The second Direction is a requirement for a clear London-wide definition of what a tall building is. The SoS advises that a tall building “should not be less than 6 storeys or 18 metres measured from ground to the floor level of the uppermost storey”. This provides clarity and will be helpful for developers and local authorities alike, which has previously been absent.

Although these changes could delay the Mayor’s decision to publish the Plan, it is understood he is keen to have it adopted as soon as he can. However, when looking at whether a 2021 adoption is likely, there are a number of key factors and planning changes to take note of.


Firstly, Mayoral elections. The election was meant to take place in May 2020 but was pushed back by a year due to the pandemic.
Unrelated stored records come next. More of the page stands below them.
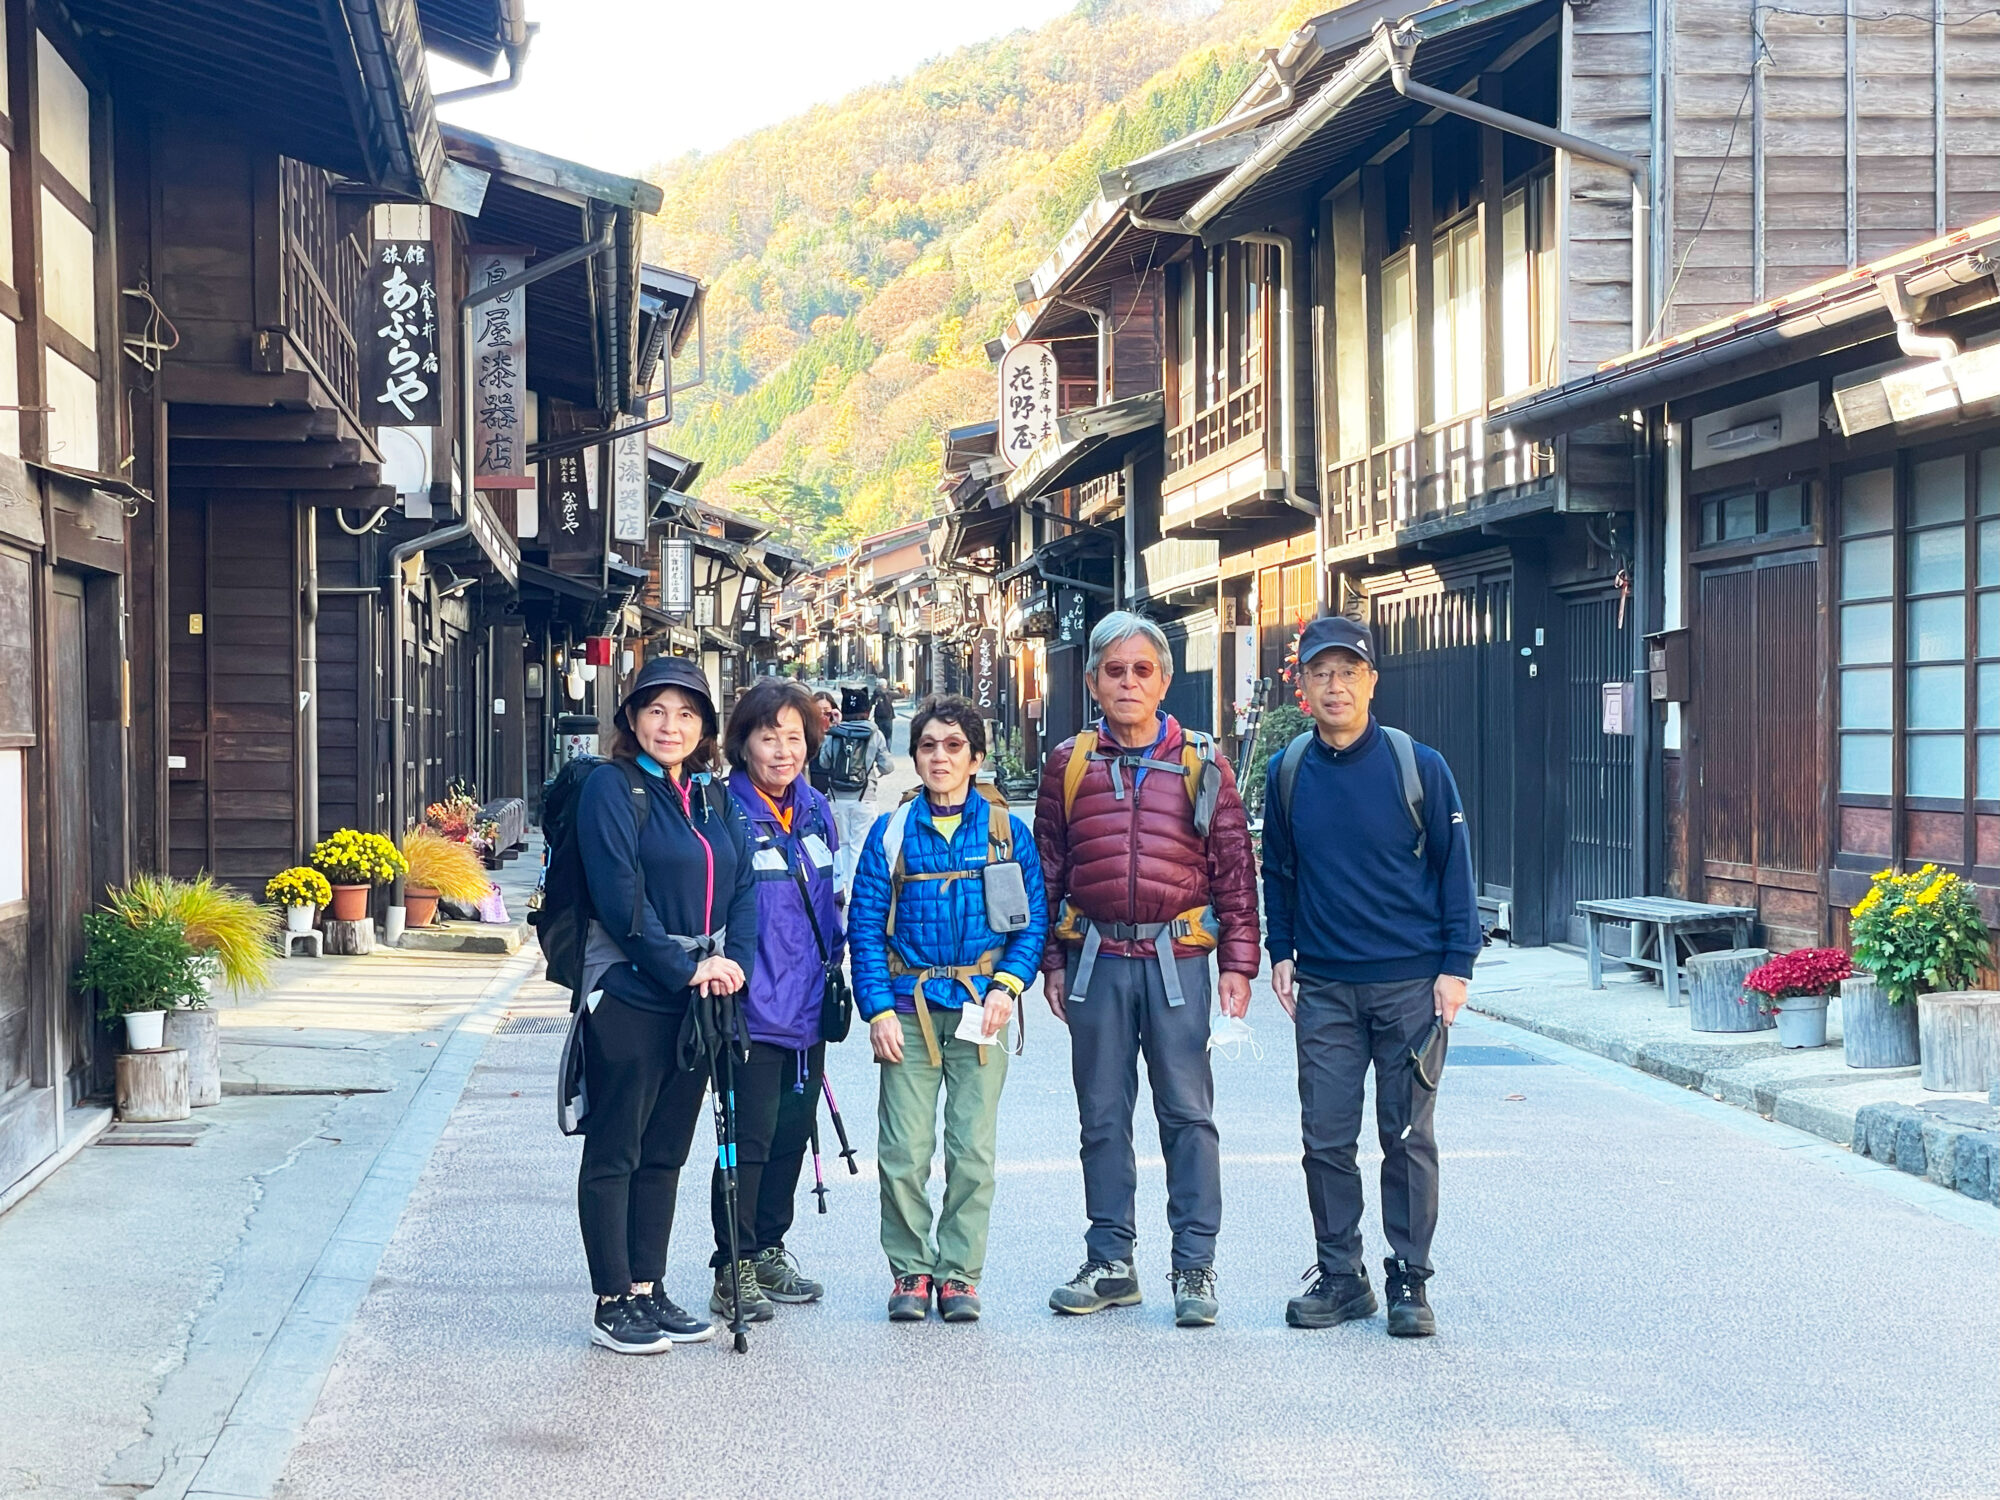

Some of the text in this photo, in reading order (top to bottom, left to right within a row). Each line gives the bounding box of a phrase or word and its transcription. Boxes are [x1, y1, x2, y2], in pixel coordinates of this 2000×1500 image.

[382, 245, 425, 265] 旅館
[377, 265, 428, 421] あぶらや
[419, 280, 438, 373] 奈良井宿
[1009, 365, 1036, 450] 花野屋
[562, 491, 579, 535] ながとや
Read more about the delays here. This means the purdah period will now come into effect mid-March 2021. Though it is not expected to become a political game of football, the Plan, or lack of, could be used by Conservative candidate Shaun Bailey to question Sadiq Khan’s effectiveness as Mayor.
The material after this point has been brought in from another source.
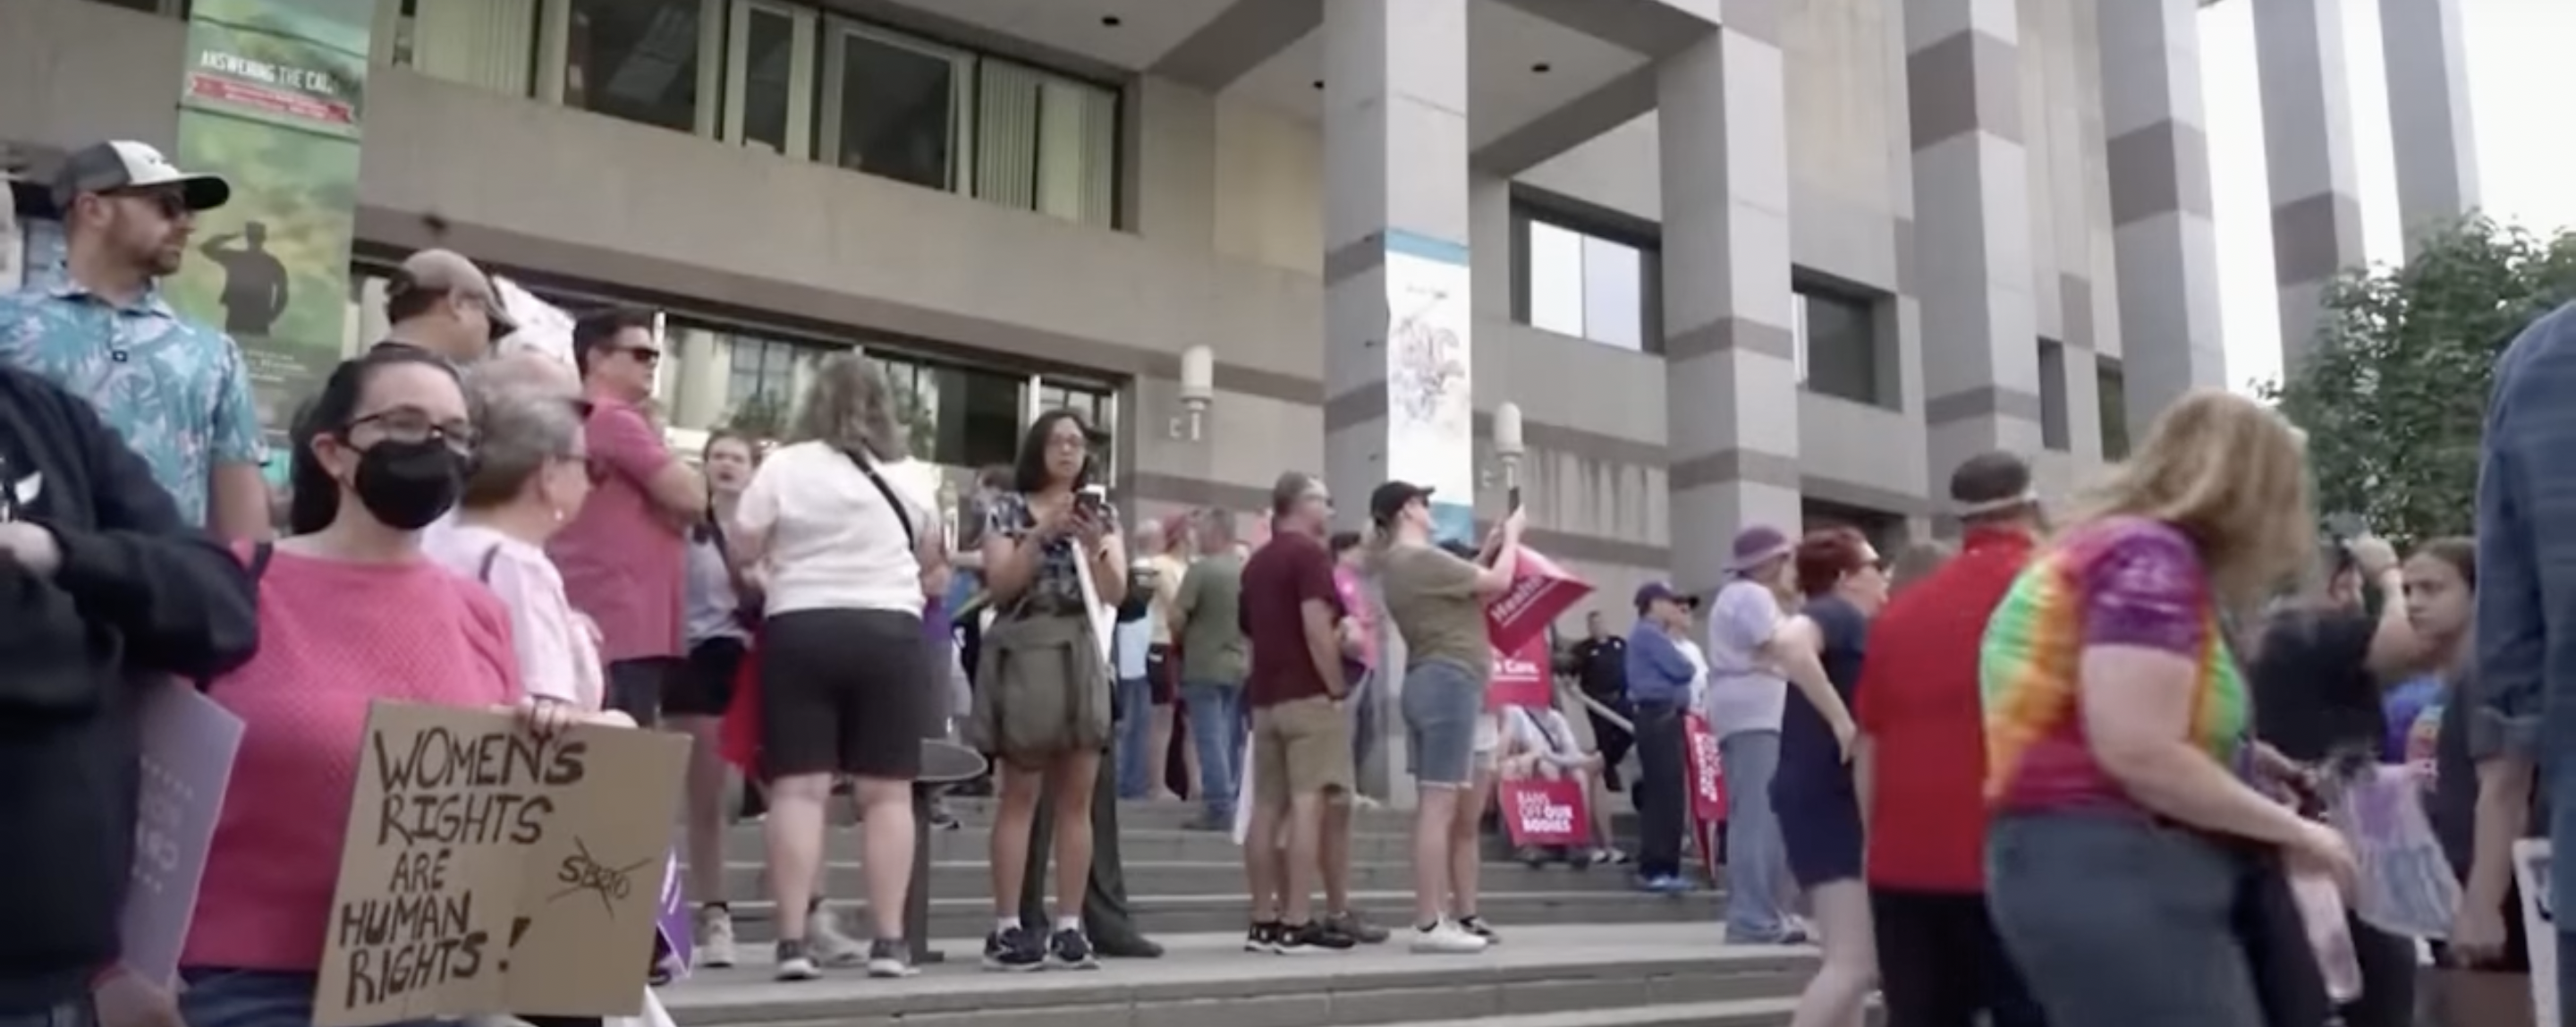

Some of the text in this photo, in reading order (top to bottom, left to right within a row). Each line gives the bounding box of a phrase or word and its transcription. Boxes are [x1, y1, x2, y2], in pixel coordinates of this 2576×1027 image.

[278, 65, 302, 88] THE
[377, 794, 555, 846] RIGHTS
[388, 848, 452, 893] ARE
[339, 890, 472, 949] HUMAN
Secondly, with the Government’s Planning White Paper having only recently been consulted on, will the proposed London Plan be out of date before it is even adopted? Key principles of the Planning White Paper, particularly a new “zoning” approach, set of design principles and environmental assessment system, may fundamentally contradict the aims of the new London Plan. Though it is not expected to prevent its adoption.
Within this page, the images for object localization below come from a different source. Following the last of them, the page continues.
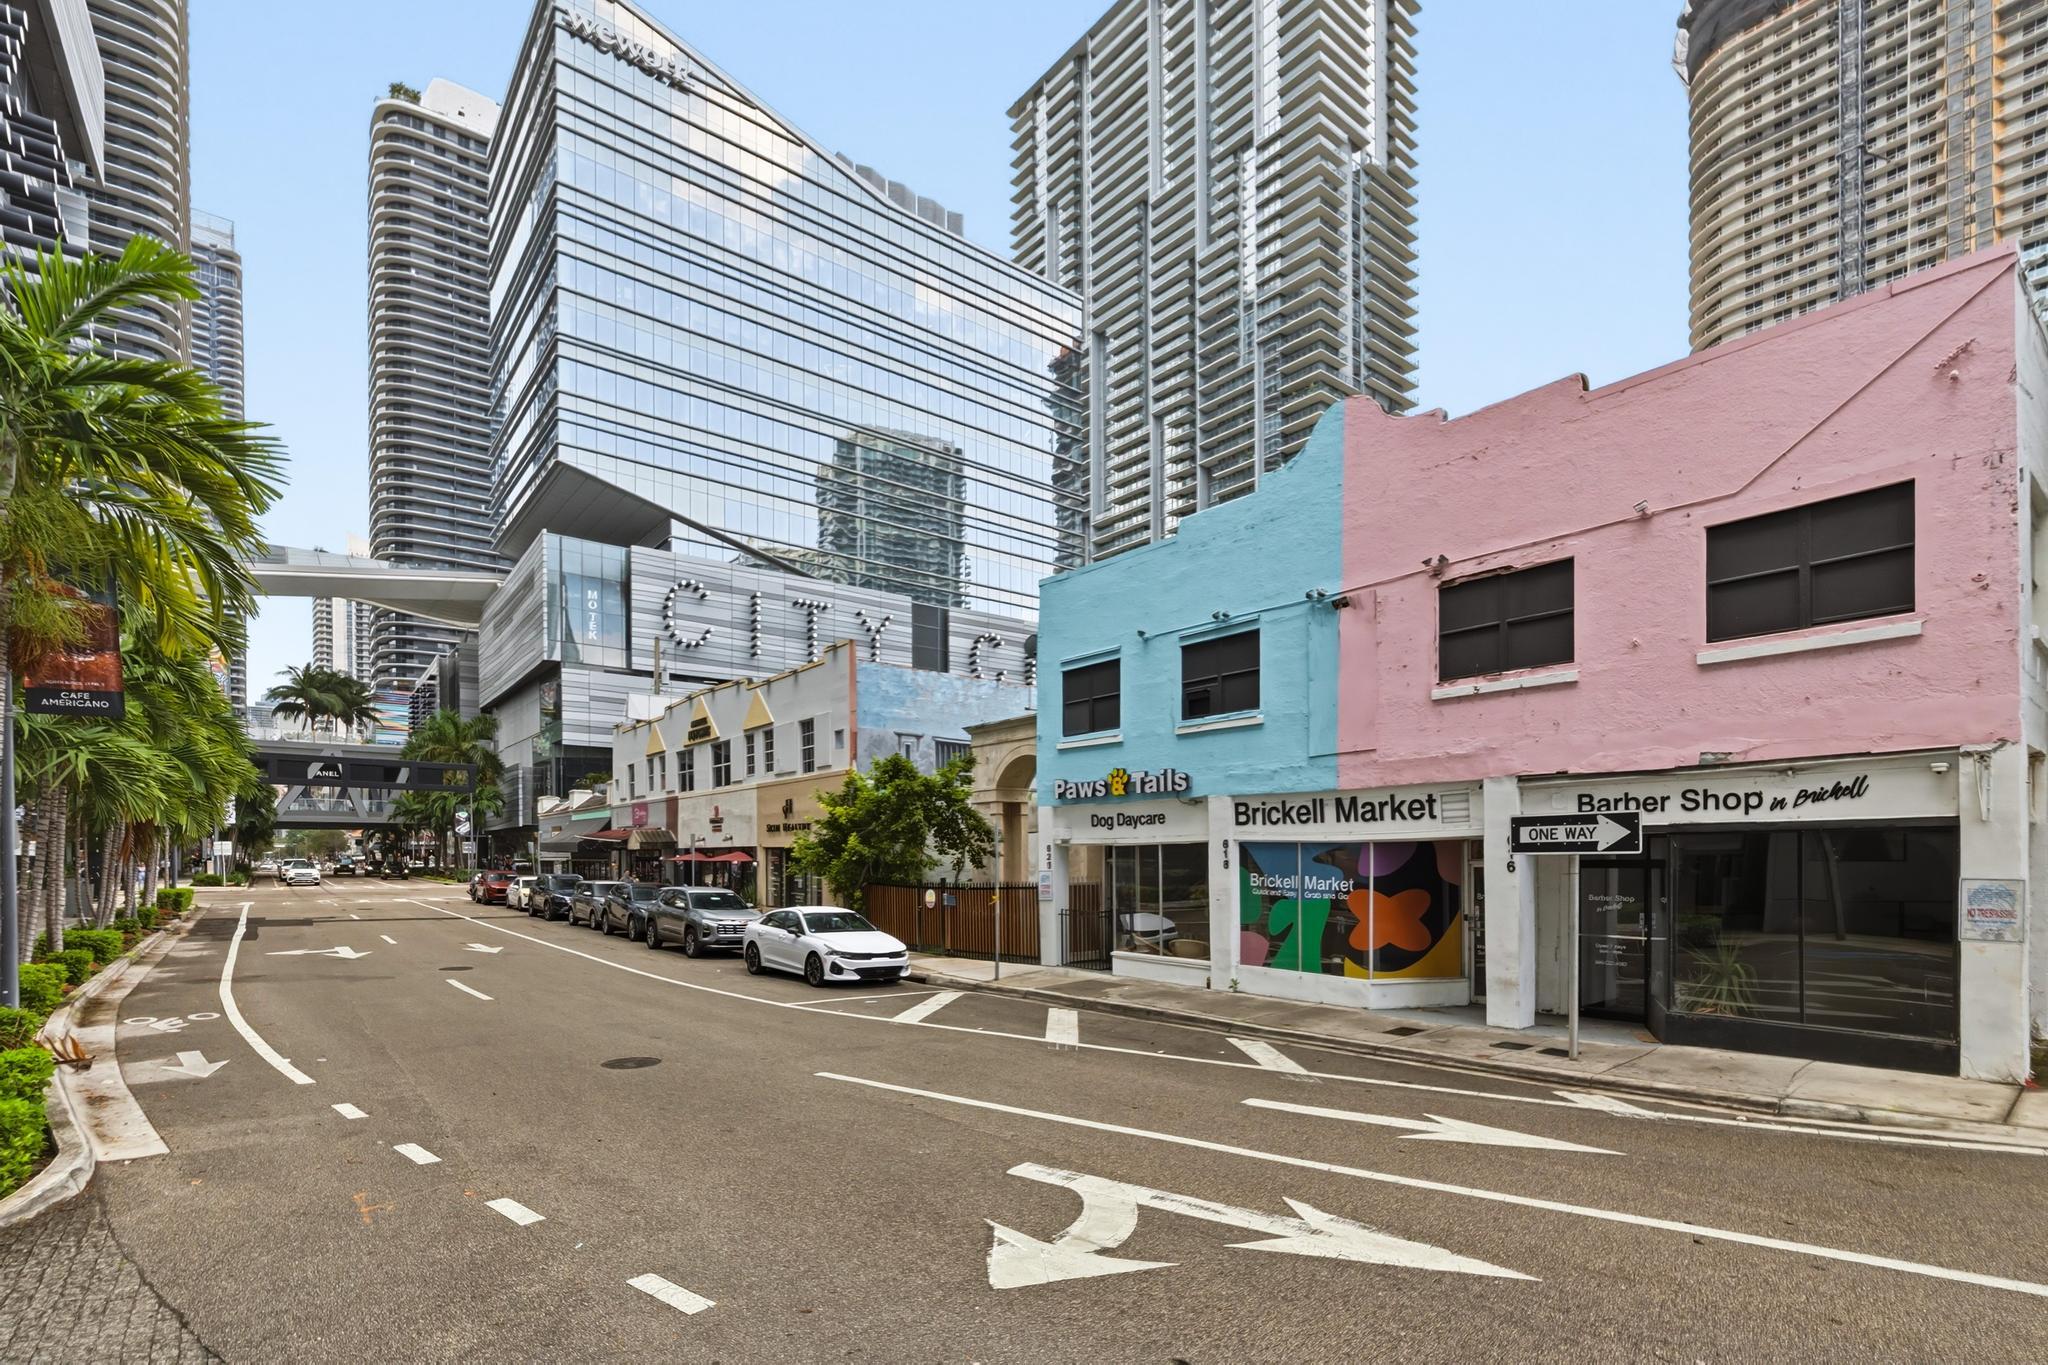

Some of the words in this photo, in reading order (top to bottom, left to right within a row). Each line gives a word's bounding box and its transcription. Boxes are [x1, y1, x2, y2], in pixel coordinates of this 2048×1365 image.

[563, 9, 697, 90] wework
[587, 590, 598, 640] MOTEK
[662, 579, 894, 663] CITY
[41, 698, 109, 708] AMERICANO
[60, 691, 90, 699] CAFE
[1054, 779, 1107, 800] Paws
[1131, 768, 1190, 794] Tails
[1576, 792, 1671, 813] Barber
[1680, 788, 1764, 815] Shop
[1769, 796, 1787, 811] in
[1792, 774, 1869, 809] Brickell
[1091, 814, 1114, 830] Dog
[1117, 812, 1166, 829] Daycare
[1233, 798, 1325, 826] Brickell
[1334, 793, 1438, 823] Market
[1528, 827, 1559, 841] ONE
[1564, 826, 1597, 840] WAY
[1249, 873, 1299, 889] Brickell
[1304, 875, 1354, 892] Market
[1615, 895, 1635, 903] Shop
Finally, the recent announcement that the Housing Delivery “mutant algorithm” is being abolished could impact the delivery of housing in London. It is expected that the loss of the algorithm will result in the North West and Midlands being allocated the majority of new housing for England. Although the Government still aims to deliver 300,000 new homes each year, how they will be distributed is an ongoing discussion. The precise impact on housing in London and the South-East as a whole, where affordability is still a huge political issue, is difficult to predict.

What’s next?

Given the new impetus, we fully expect to see the London Plan adopted prior to the May 2021 Mayoral elections. This will have little immediate impact on planning applications because the GLA have been essentially applying it as if it were an adopted document for a number of years.

Arguably, the most interesting unanswered question is how recent changes in the Use Classes Order (particularly Class E) and the associated Permitted Development Right proposals, which would allow for the change of use from Class E to residential in Town Centres, will impact decisions for London boroughs? Furthermore, the ramifications of the pandemic on the office and housing market will also be one to watch. As we have had to adapt the way we work this year, the level of requirement for office space is likely to change with it. Will this provide the Mayor with an opportunity to deliver housing? At this stage we can’t be sure, but it is clear that the impact of the pandemic could bring about development opportunities to many.